Airflow 2.0 Docker Development Setup (Docker Compose, PostgreSQL)

Airflow setup or migration to the newest Airflow 2.0 can be time-consuming and get complicated fast. In this tutorial, the AVA team will take you through the quick and easy setup of the latest Airflow version to unlock some serious performance gains.

Nikola Tomic

Published in

AVA Information

4 min readMay 5, 2021

A quick introduction

Apache Airflow is an open-source platform used for scheduling, monitoring, and workflow management. It can be used to automate a wide range of tasks in a highly scalable manner and is very extensible. Those are only a few of the reasons why we in AVA, alongside companies like Tesla, Airbnb, Slack, and many more use Airflow.

As a Data Scientist at AVA Information Systems, running and maintaining pipelines with Machine Learning models training over large volumes of data is a daily routine and can definitely become time-consuming and repetitive. This is where Airflow comes to the rescue.

Airflow 2.0 improvements

There are a lot of new things coming with the latest Airflow, including UI redesign, Task Groups, Functional DAGs, Security improvements which are good reasons to consider a migration.

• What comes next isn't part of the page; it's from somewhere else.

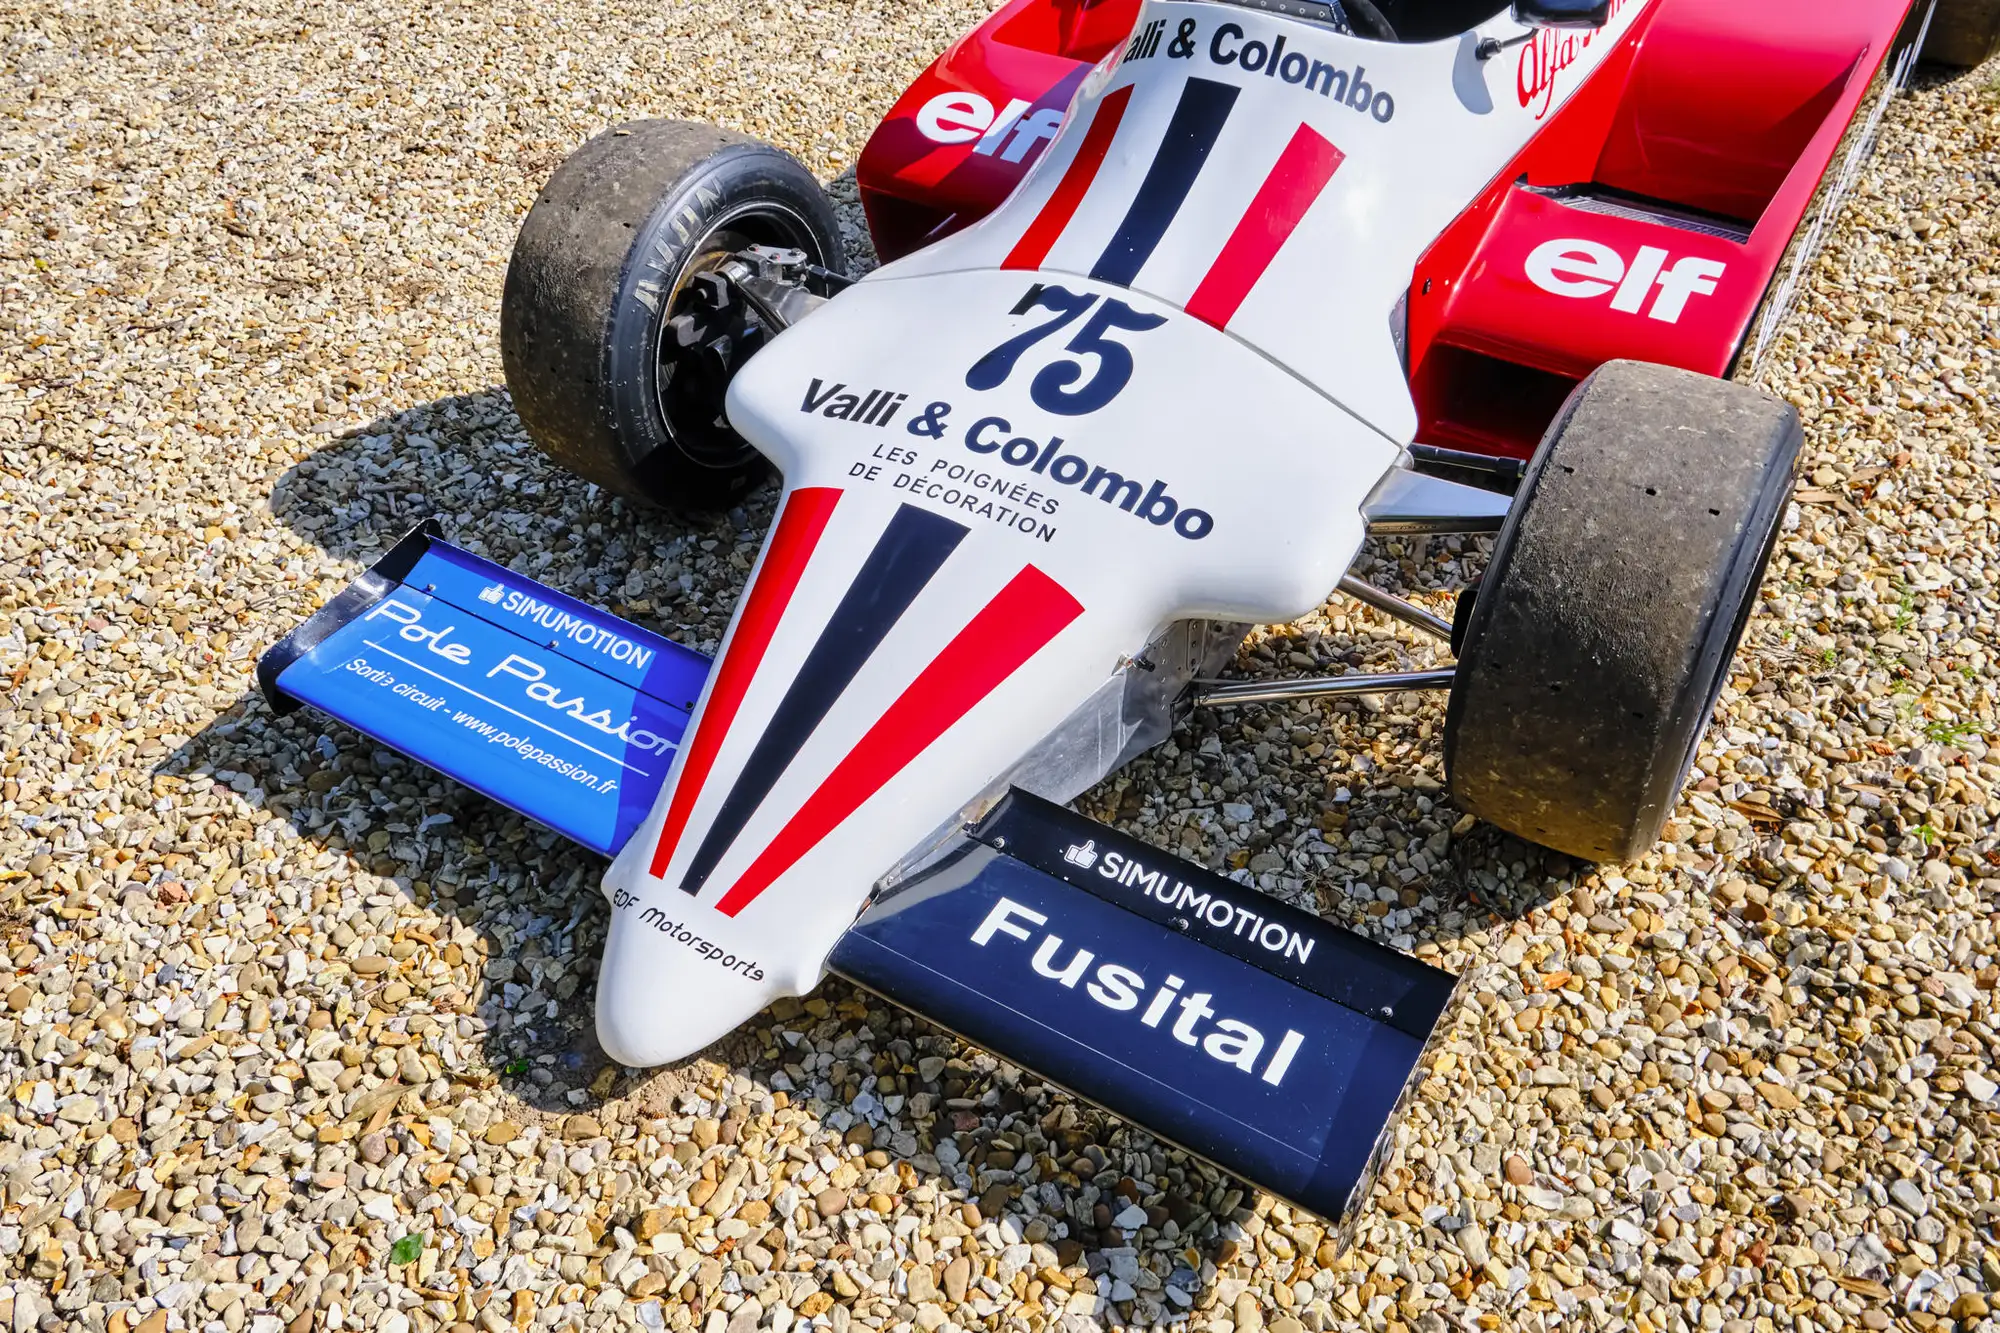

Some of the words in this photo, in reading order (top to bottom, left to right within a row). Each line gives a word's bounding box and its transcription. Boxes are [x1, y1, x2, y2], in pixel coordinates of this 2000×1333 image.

But the biggest reason why we migrated are massive performance improvements Airflow 2.0 promised and delivered in practice.

Prerequisites

Solution Architecture

To give a better perspective on what we will be doing, drawn below is a bird’s eye view of the proposed architecture. Although it might look more complicated than it is.

Airflow 2.0 image

In this step, we will shed quite a bit of weight from Airflow’s original image.

Important: This step is optional, and if you’re in a rush you can visit a git repository for a single command running and configuration instructions. In this post I will explain each step of building the entire architecture above in a bit more detail.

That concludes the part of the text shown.